____ DATA EXTRACT

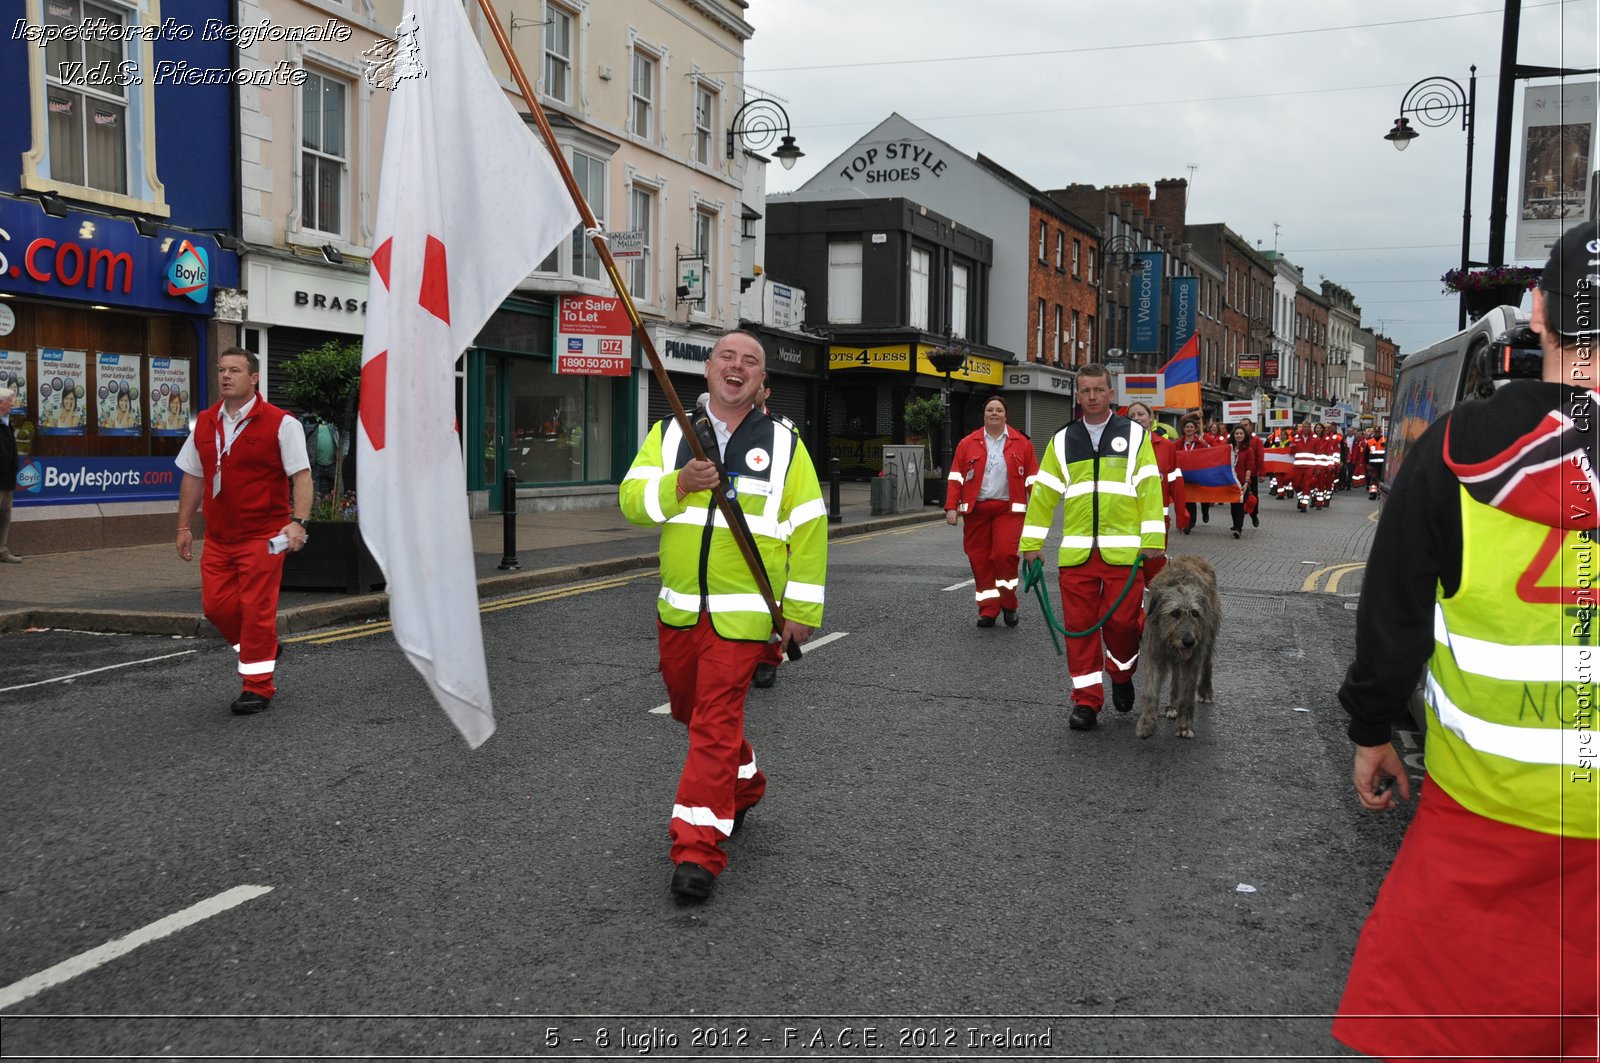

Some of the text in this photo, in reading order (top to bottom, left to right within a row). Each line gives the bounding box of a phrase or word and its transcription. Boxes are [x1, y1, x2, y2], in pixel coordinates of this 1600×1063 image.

[840, 143, 947, 181] TOP STYLE
[866, 167, 920, 183] SHOES
[176, 264, 206, 284] Boyle
[1138, 259, 1152, 323] Welcome
[563, 299, 616, 311] For Sale/
[1176, 284, 1189, 340] Welcome
[563, 310, 598, 322] To Let
[601, 340, 620, 350] DTZ
[562, 358, 624, 368] 1890 50 20 11
[855, 350, 870, 365] 4
[873, 353, 906, 361] LESS
[970, 360, 991, 375] LESS
[1010, 375, 1030, 384] 83
[19, 473, 40, 483] Boyle
[45, 467, 172, 492] Boylesports.com
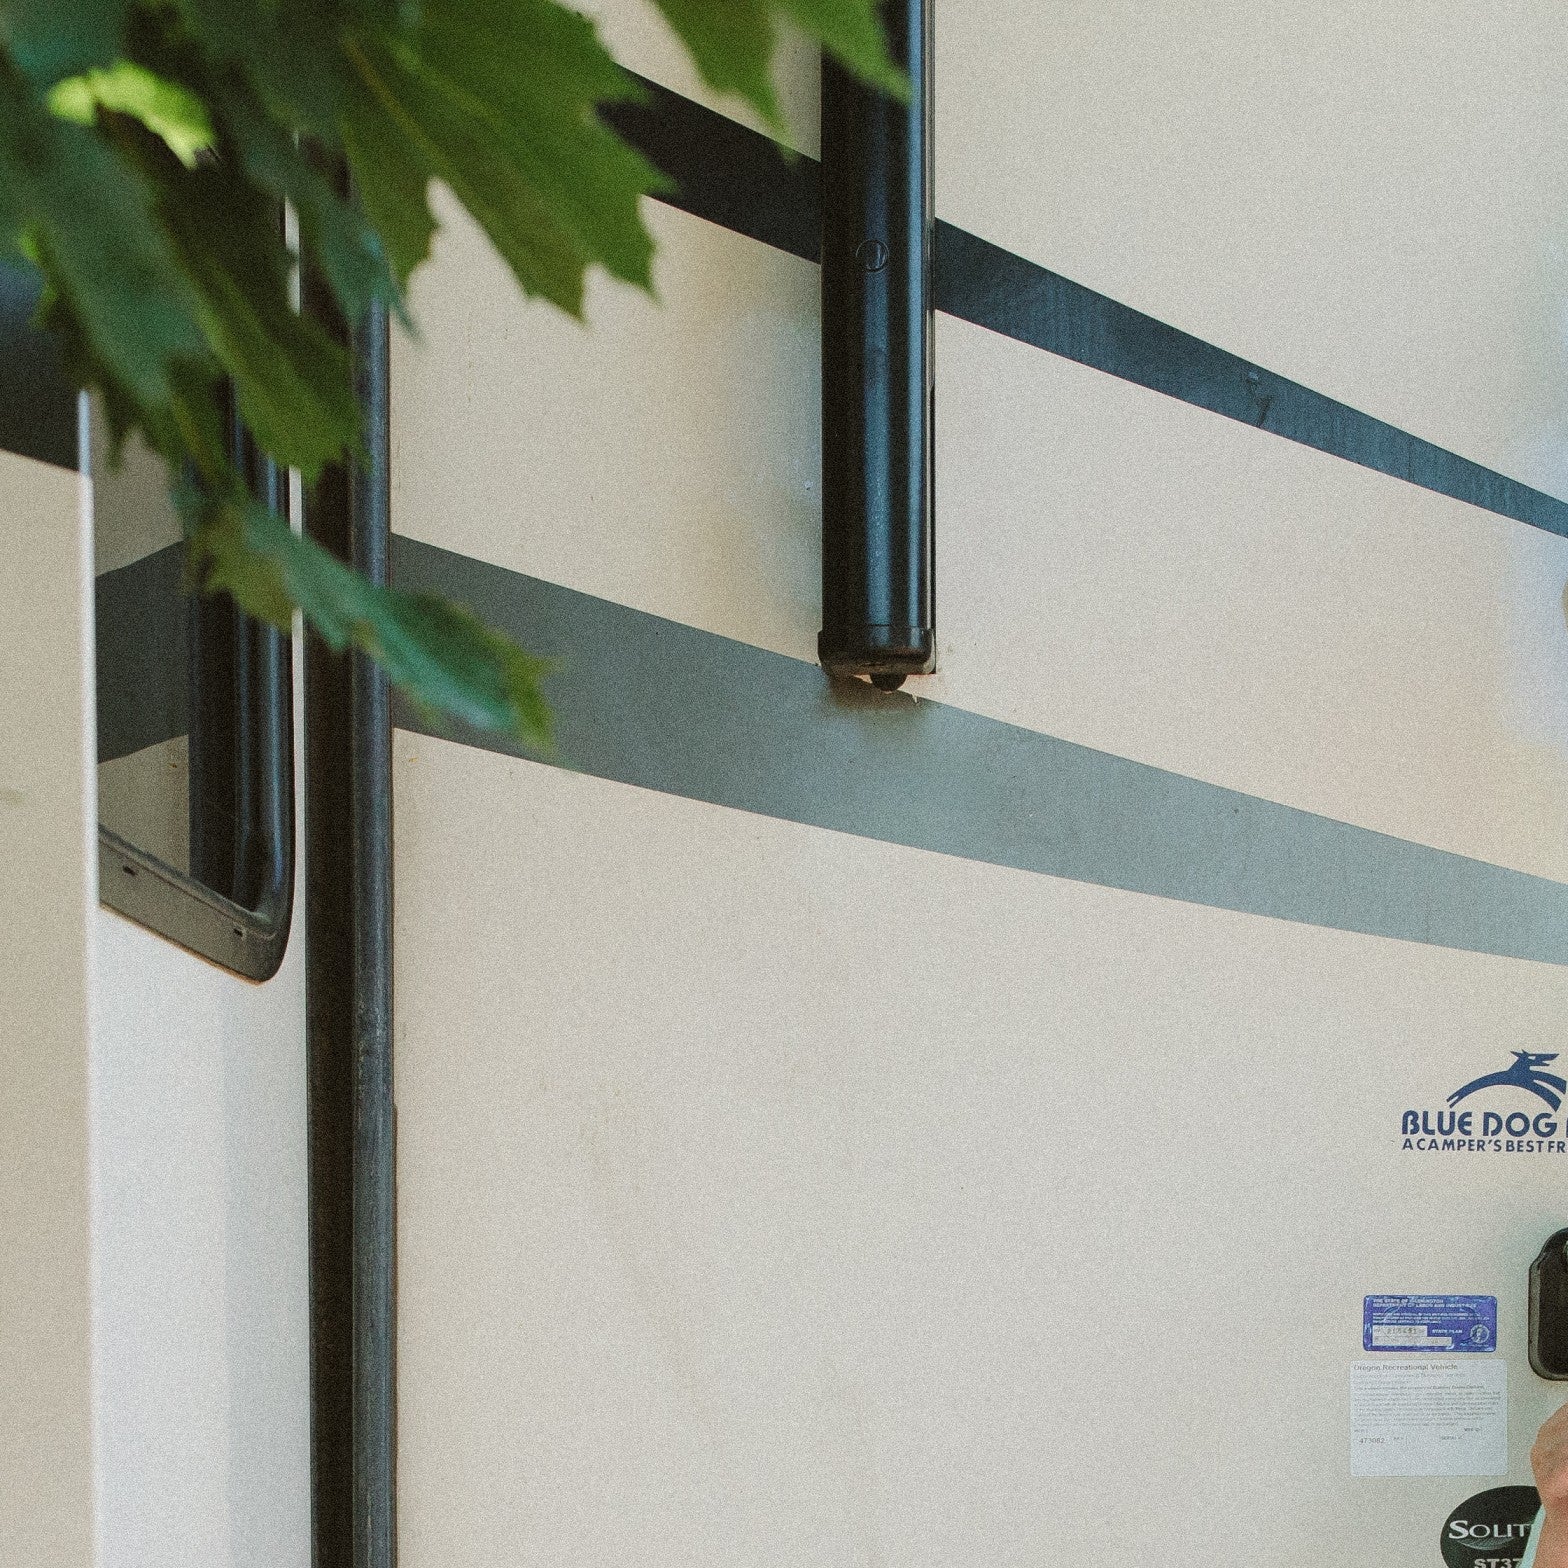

________

▸ **EXERCISE BRIEF**
Your copy should match the records word for word, with the pictures removed.

▸ **EXERCISE SOLUTION**
Some of the text in this photo, in reading order (top to bottom, left to right within a row). Each line gives the bounding box of a phrase or word and its transcription. Boxes are [x1, y1, x2, y2], in pixel coordinates of this 1600×1063 image.

[840, 143, 947, 181] TOP STYLE
[866, 167, 920, 183] SHOES
[176, 264, 206, 284] Boyle
[1138, 259, 1152, 323] Welcome
[563, 299, 616, 311] For Sale/
[1176, 284, 1189, 340] Welcome
[563, 310, 598, 322] To Let
[601, 340, 620, 350] DTZ
[562, 358, 624, 368] 1890 50 20 11
[855, 350, 870, 365] 4
[873, 353, 906, 361] LESS
[970, 360, 991, 375] LESS
[1010, 375, 1030, 384] 83
[19, 473, 40, 483] Boyle
[45, 467, 172, 492] Boylesports.com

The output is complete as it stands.